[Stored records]
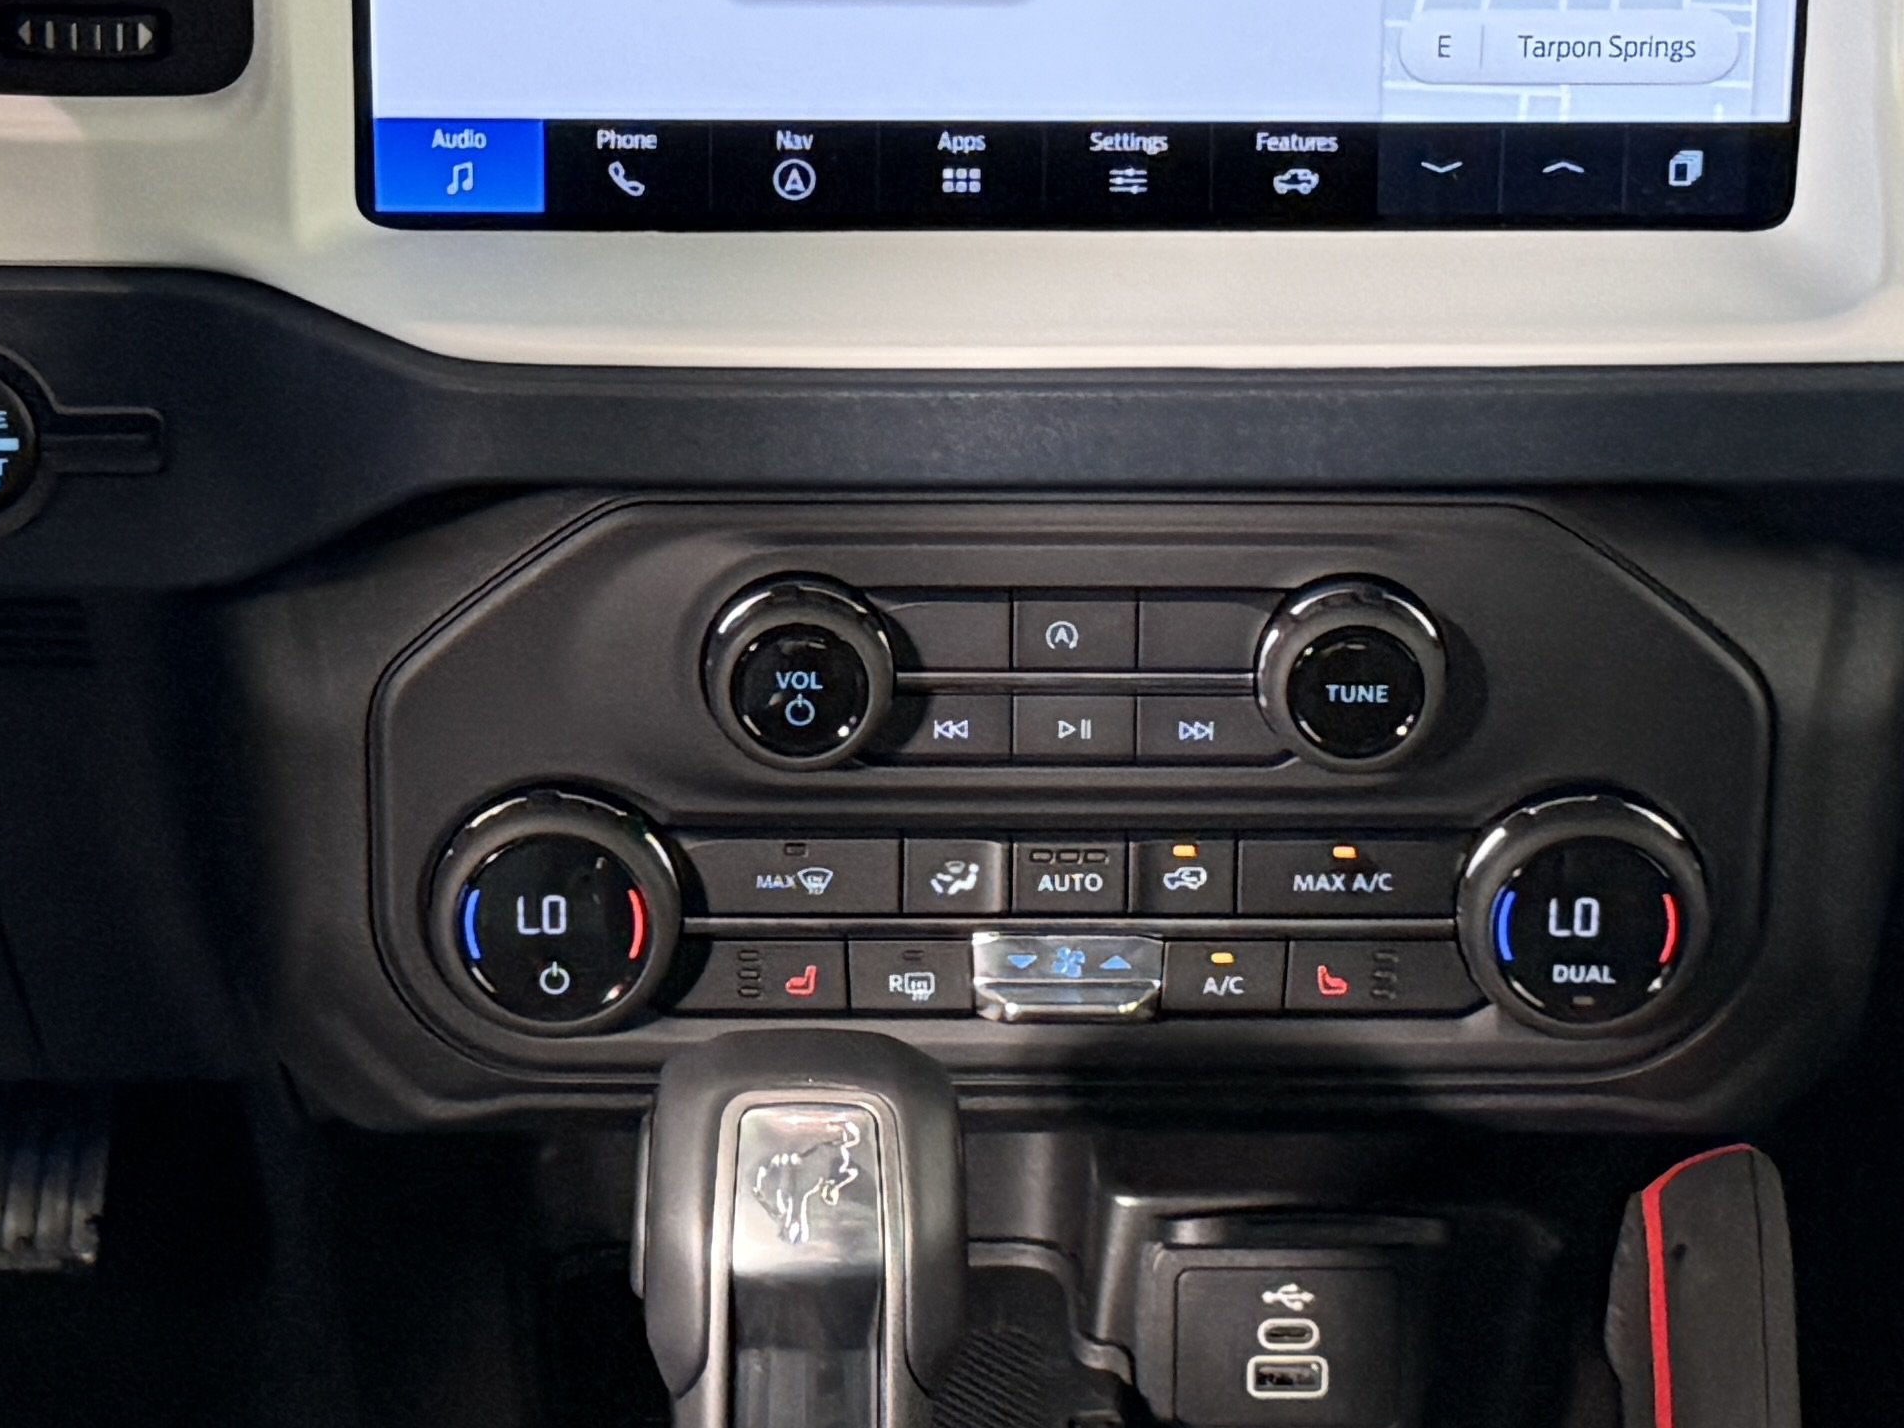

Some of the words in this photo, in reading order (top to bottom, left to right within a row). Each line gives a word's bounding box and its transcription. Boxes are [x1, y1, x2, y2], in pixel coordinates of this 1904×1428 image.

[1437, 34, 1452, 59] E
[1517, 34, 1602, 63] Tarpon
[1608, 34, 1697, 63] Springs
[431, 128, 487, 149] Audio
[596, 128, 658, 150] Phone
[776, 129, 814, 151] Nav
[937, 130, 987, 154] Apps
[1089, 131, 1169, 156] Settings
[1255, 131, 1339, 153] Features
[775, 670, 824, 690] VOL
[1325, 684, 1389, 704] TUNE
[756, 874, 796, 889] MAX
[1037, 873, 1104, 892] AUTO
[1293, 873, 1346, 892] MAX
[1351, 872, 1393, 893] A/C
[516, 894, 567, 936] LO
[1548, 896, 1600, 938] LO
[1552, 964, 1616, 984] DUAL
[1202, 975, 1244, 996] A/C

WORK ORDER = Reproduce every entry word for word, but skip any pictures.

RESULT =
Some of the words in this photo, in reading order (top to bottom, left to right within a row). Each line gives a word's bounding box and its transcription. Boxes are [x1, y1, x2, y2], in pixel coordinates of this 1904×1428 image.

[1437, 34, 1452, 59] E
[1517, 34, 1602, 63] Tarpon
[1608, 34, 1697, 63] Springs
[431, 128, 487, 149] Audio
[596, 128, 658, 150] Phone
[776, 129, 814, 151] Nav
[937, 130, 987, 154] Apps
[1089, 131, 1169, 156] Settings
[1255, 131, 1339, 153] Features
[775, 670, 824, 690] VOL
[1325, 684, 1389, 704] TUNE
[756, 874, 796, 889] MAX
[1037, 873, 1104, 892] AUTO
[1293, 873, 1346, 892] MAX
[1351, 872, 1393, 893] A/C
[516, 894, 567, 936] LO
[1548, 896, 1600, 938] LO
[1552, 964, 1616, 984] DUAL
[1202, 975, 1244, 996] A/C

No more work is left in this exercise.